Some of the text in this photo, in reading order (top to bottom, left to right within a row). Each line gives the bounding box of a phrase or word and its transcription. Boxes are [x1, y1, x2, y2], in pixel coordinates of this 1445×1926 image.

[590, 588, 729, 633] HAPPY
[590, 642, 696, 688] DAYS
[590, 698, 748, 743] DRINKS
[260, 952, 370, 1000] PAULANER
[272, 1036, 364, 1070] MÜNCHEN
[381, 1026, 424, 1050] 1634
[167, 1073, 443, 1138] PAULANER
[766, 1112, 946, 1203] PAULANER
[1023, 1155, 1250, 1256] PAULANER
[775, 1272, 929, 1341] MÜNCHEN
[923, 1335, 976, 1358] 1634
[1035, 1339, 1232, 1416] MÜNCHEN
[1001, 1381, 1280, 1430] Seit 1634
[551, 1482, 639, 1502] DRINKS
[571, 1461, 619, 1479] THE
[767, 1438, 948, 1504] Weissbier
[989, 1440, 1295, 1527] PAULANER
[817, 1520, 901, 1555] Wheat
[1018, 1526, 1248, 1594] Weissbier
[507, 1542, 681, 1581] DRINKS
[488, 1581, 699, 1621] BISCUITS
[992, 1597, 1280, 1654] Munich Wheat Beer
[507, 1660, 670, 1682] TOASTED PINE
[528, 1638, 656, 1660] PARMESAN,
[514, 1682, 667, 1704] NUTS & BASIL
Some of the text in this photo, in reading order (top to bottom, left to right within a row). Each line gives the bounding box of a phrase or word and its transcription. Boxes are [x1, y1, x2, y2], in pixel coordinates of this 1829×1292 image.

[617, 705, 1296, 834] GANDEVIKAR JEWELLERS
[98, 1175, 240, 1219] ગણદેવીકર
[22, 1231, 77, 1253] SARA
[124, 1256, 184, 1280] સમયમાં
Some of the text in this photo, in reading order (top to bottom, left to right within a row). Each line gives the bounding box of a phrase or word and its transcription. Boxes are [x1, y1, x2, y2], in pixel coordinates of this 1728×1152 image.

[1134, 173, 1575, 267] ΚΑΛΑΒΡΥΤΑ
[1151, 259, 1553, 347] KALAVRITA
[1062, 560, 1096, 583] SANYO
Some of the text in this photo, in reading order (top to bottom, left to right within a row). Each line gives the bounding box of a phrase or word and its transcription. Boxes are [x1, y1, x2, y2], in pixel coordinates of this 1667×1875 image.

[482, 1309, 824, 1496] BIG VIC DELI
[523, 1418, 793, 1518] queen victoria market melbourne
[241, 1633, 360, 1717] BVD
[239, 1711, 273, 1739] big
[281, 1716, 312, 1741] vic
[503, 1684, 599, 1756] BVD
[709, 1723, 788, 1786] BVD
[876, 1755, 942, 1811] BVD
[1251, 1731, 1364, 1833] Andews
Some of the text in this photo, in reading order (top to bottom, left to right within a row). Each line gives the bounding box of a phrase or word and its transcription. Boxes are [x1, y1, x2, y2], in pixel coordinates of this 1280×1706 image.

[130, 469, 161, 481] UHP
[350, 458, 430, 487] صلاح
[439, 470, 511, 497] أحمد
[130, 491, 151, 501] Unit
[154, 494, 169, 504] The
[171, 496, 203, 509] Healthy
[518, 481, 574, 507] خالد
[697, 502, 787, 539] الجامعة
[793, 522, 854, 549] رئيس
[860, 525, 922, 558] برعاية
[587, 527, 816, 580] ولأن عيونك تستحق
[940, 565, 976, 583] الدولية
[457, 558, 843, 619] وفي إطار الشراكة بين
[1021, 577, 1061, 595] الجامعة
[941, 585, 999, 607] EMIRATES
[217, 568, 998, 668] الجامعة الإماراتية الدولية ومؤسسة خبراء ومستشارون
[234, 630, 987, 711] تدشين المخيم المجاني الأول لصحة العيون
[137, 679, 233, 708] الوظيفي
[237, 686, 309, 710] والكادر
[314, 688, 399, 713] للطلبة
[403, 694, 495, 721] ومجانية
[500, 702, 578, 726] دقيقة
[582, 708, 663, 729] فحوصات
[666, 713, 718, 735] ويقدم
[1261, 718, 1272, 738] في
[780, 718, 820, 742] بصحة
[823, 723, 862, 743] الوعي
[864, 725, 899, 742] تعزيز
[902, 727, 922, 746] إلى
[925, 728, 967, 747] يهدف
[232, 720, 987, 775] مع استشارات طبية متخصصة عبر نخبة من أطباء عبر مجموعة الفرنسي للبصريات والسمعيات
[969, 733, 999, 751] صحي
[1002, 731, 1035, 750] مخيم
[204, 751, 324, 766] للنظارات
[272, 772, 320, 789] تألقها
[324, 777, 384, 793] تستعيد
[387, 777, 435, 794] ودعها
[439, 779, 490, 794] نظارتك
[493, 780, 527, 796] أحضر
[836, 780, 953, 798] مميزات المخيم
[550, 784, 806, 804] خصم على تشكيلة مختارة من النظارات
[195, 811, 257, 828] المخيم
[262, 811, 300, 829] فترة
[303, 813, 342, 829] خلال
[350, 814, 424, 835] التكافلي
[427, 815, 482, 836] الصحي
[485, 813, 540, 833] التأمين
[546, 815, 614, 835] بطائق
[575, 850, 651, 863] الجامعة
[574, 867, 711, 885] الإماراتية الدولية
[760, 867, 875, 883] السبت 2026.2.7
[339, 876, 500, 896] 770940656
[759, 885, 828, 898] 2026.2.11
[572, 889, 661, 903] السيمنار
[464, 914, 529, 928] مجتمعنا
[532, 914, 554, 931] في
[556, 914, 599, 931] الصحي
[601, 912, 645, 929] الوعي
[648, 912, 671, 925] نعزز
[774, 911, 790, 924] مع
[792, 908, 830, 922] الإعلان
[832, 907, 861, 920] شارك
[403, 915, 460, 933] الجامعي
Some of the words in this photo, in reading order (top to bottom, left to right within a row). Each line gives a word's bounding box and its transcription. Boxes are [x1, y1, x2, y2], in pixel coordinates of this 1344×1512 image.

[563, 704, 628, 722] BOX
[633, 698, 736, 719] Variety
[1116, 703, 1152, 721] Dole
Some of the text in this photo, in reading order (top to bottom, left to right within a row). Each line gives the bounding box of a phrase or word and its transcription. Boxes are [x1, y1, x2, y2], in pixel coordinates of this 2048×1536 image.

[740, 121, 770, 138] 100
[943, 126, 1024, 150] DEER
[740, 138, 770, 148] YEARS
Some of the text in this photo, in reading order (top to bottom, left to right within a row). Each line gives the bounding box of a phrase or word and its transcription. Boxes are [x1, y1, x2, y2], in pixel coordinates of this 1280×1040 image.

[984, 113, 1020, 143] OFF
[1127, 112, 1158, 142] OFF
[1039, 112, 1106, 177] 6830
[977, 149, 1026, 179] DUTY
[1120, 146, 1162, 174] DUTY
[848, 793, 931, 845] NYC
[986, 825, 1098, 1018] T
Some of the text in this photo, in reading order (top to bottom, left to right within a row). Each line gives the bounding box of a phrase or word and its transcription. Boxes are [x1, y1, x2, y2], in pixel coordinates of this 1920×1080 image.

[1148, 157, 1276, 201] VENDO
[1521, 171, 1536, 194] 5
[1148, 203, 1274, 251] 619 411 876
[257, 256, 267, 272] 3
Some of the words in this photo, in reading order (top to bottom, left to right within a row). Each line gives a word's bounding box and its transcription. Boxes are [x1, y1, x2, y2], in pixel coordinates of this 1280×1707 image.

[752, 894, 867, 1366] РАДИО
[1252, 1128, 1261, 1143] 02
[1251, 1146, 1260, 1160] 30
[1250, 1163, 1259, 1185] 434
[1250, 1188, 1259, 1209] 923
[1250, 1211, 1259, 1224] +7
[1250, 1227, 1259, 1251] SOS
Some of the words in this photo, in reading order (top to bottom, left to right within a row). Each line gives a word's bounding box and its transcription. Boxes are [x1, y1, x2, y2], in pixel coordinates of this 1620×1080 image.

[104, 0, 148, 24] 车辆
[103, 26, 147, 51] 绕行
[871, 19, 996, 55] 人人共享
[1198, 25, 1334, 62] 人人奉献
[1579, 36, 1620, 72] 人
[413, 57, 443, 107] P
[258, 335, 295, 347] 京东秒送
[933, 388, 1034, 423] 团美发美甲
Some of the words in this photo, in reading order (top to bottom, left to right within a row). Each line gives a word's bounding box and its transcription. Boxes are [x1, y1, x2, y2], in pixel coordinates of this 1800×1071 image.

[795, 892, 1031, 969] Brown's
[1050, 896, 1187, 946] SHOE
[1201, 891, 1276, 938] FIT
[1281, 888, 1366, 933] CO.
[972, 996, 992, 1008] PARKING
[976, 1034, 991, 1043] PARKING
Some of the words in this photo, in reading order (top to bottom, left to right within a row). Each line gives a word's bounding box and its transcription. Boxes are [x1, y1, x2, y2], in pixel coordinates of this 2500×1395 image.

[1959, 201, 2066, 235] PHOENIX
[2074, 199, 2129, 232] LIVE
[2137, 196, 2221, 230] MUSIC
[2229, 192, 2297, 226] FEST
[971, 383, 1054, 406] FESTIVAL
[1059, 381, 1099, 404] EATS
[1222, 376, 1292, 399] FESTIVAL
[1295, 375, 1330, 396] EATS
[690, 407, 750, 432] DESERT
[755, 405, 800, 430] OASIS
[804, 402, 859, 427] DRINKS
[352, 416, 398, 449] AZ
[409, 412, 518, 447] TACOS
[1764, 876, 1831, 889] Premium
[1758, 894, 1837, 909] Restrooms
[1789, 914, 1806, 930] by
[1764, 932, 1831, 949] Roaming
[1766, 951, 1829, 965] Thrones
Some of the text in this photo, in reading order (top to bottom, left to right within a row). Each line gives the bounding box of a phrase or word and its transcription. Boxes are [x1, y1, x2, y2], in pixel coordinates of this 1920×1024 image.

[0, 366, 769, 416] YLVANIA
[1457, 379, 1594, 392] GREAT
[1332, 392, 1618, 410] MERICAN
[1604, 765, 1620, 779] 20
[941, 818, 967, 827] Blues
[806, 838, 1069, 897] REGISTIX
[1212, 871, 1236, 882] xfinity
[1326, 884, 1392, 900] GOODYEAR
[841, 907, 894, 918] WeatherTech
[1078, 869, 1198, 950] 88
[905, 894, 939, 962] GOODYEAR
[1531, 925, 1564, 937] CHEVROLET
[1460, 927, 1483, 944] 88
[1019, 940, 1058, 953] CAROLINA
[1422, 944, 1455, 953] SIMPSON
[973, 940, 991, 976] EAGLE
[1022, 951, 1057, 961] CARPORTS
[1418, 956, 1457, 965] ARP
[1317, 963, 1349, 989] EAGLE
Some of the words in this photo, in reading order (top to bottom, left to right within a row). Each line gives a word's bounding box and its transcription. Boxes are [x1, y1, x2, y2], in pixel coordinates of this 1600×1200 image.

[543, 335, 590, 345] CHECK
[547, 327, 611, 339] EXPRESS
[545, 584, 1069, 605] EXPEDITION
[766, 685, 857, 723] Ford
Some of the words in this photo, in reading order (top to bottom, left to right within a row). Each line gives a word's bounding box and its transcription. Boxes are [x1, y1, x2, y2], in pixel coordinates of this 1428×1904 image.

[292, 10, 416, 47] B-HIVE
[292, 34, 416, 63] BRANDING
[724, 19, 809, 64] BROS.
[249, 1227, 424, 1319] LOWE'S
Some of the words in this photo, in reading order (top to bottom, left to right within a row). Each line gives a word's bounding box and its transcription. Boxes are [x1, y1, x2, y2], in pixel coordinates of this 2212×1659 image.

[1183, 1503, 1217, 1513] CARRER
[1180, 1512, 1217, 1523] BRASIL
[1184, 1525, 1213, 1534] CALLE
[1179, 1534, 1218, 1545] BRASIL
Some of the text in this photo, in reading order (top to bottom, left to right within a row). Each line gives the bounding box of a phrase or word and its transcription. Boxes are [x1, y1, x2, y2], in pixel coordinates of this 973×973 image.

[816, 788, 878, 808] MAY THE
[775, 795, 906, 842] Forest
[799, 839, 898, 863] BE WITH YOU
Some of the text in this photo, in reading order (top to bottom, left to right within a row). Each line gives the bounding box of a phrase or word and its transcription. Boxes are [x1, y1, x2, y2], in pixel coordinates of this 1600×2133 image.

•••

WORK TO COMPLETE
Retype word for word the lines running from the line containing "this 973×973 image." to the end of the listing, and only those.

RESPONSE
Some of the text in this photo, in reading order (top to bottom, left to right within a row). Each line gives the bounding box of a phrase or word and its transcription. Boxes are [x1, y1, x2, y2], in pixel coordinates of this 973×973 image.

[816, 788, 878, 808] MAY THE
[775, 795, 906, 842] Forest
[799, 839, 898, 863] BE WITH YOU
Some of the text in this photo, in reading order (top to bottom, left to right within a row). Each line gives the bounding box of a phrase or word and its transcription. Boxes are [x1, y1, x2, y2], in pixel coordinates of this 1600×2133 image.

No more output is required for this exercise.